Women are entitled to enjoy the same human rights and fundamental freedoms as other individuals. International human rights treaties require State parties to take proactive steps to ensure that women’s human rights are respected by law and to eliminate discrimination, inequalities, and practices that negatively affect women’s rights. Under international human rights law, women may also be entitled to specific additional rights such as those concerning reproductive healthcare.
Women and girls are likely to face increase caregiving roles in the home, putting them under additional stress and potentially increasing their risk of infection. Across the globe, women comprise 70% of health workers, including midwives, nurses, pharmacists, and community health workers on the frontlines, increasing their risk of exposure and infection. Targeted measures to address the disproportionate impact of the crisis on women and girls are needed.
Women’s and girls’ rights are human rights. They cover every aspect of life – health, education, political participation, economic well-being, and freedom from violence, among many others. Women and girls are entitled to the full and equal enjoyment of all of their human rights and to be free from all forms of discrimination – this is fundamental to achieving human rights, peace and security, and sustainable development.

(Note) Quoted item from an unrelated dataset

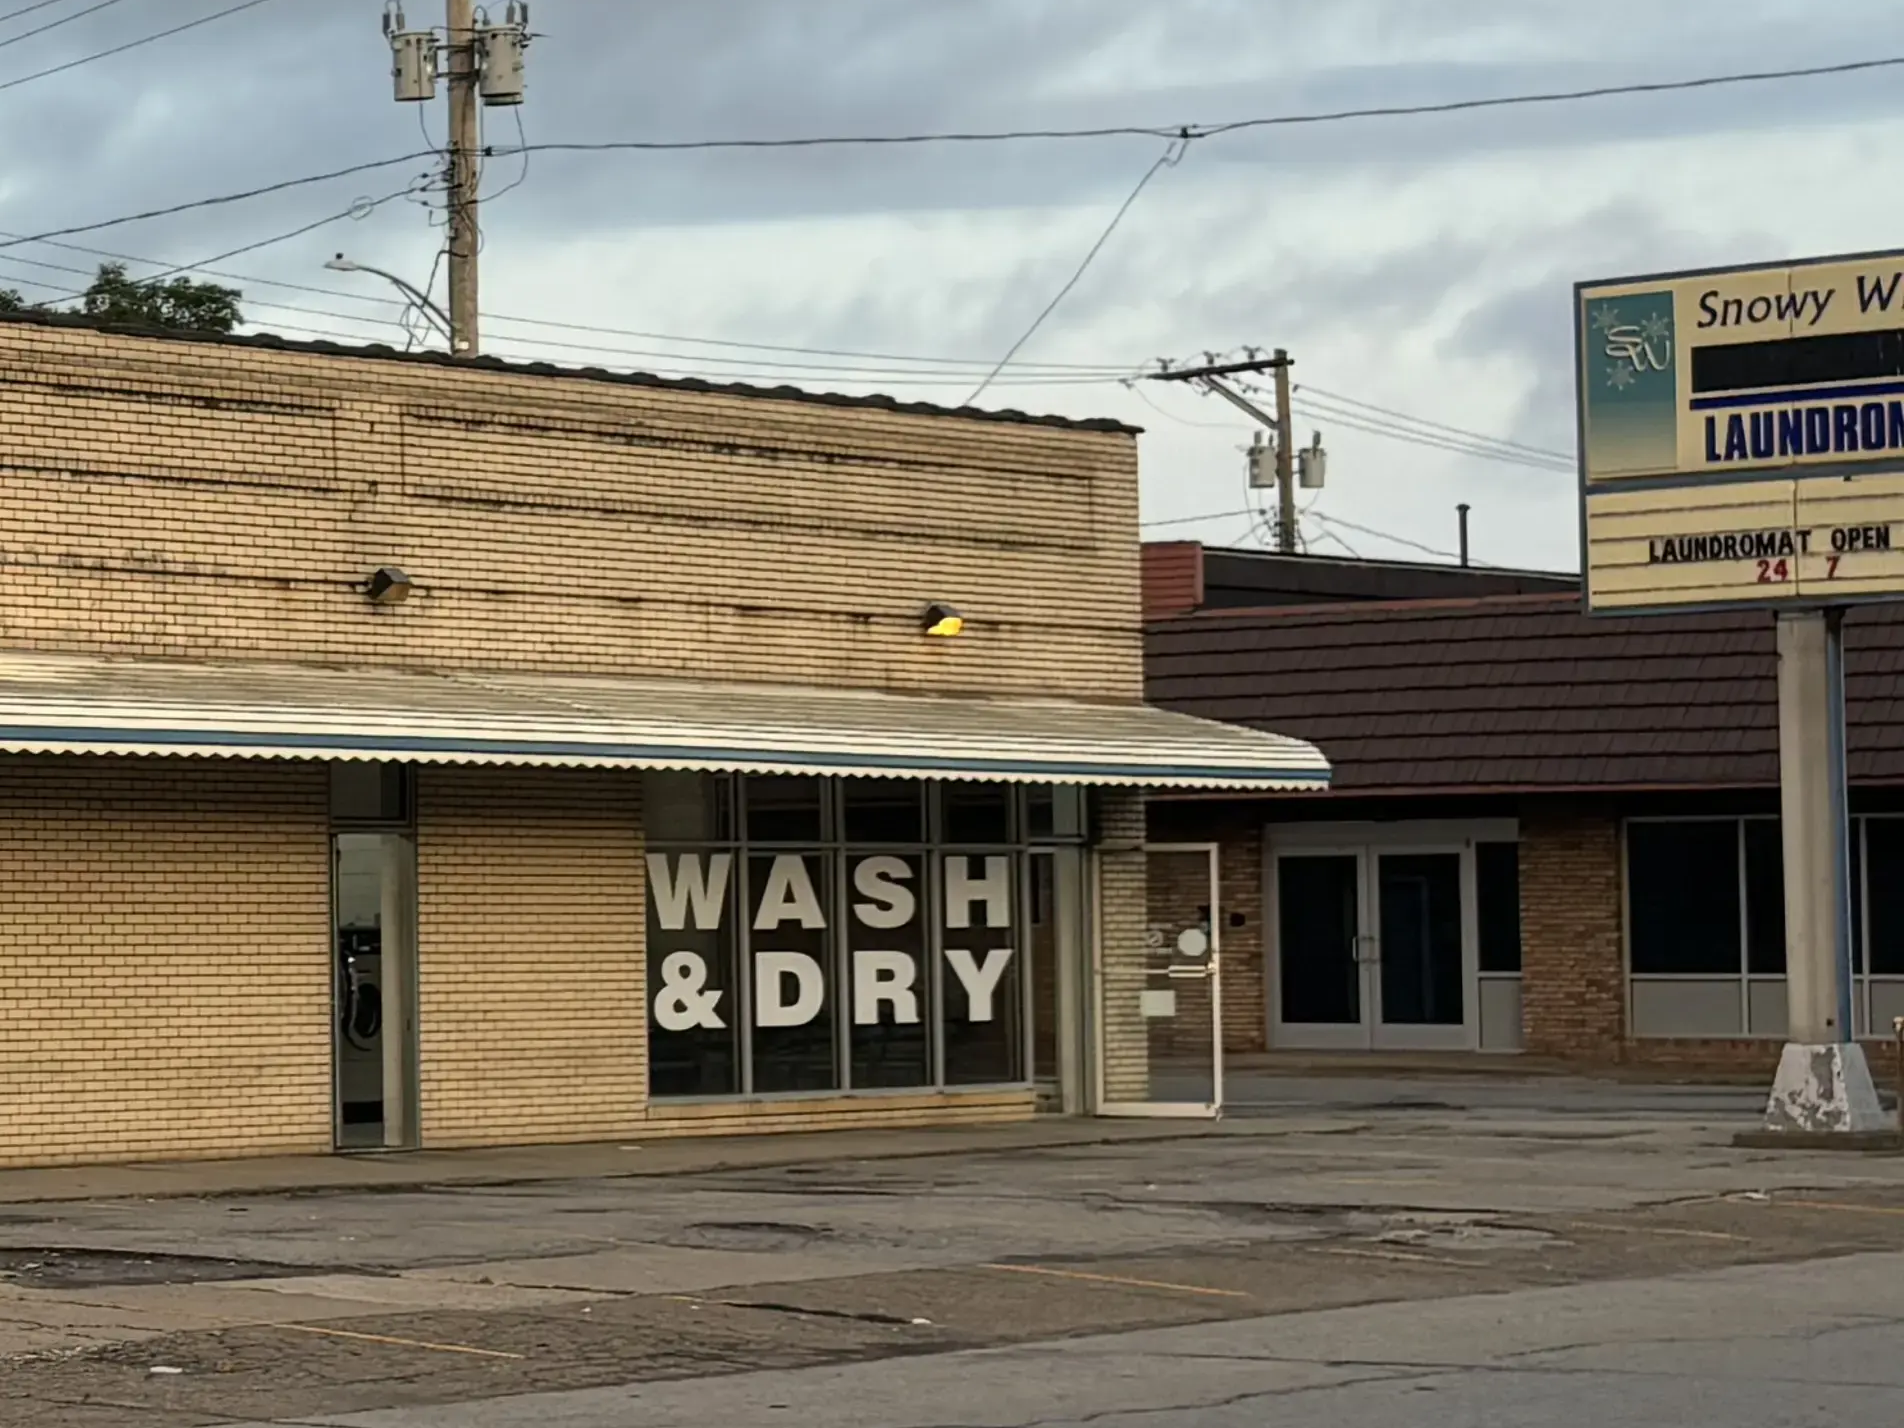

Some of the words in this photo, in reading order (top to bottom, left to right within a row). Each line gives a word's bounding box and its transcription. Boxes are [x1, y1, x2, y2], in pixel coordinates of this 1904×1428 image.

The Beijing Declaration and Platform for Action confirm that the protection and promotion of human rights is the first responsibility of governments and core to the work of the United Nations. The Platform for Action firmly anchors the achievement of gender equality within a human rights framework and makes a clear statement about State responsibility in delivering on the commitments made.
The Charter of the United Nations guarantees the equal rights of women and men. All major international human rights instruments stipulate ending discrimination on the basis of sex. Almost all countries have ratified the Convention on the Elimination of All Forms of Discrimination against Women (CEDAW), described as the women’s international bill of rights.
Yet serious gaps and violations remain in every region of the world today and progress have been unacceptably slow, particularly for the most marginalized women and girls. Discrimination in the law persists in many countries. Women do not participate on an equal footing with men in politics. They face blatant discrimination in labor markets and access to economic assets. The many forms of violence directed explicitly towards women and girls deny them their rights and all too often their lives. Unacceptably high levels of maternal mortality continue in some regions. Unpaid care workloads continue to limit women’s enjoyment of their rights.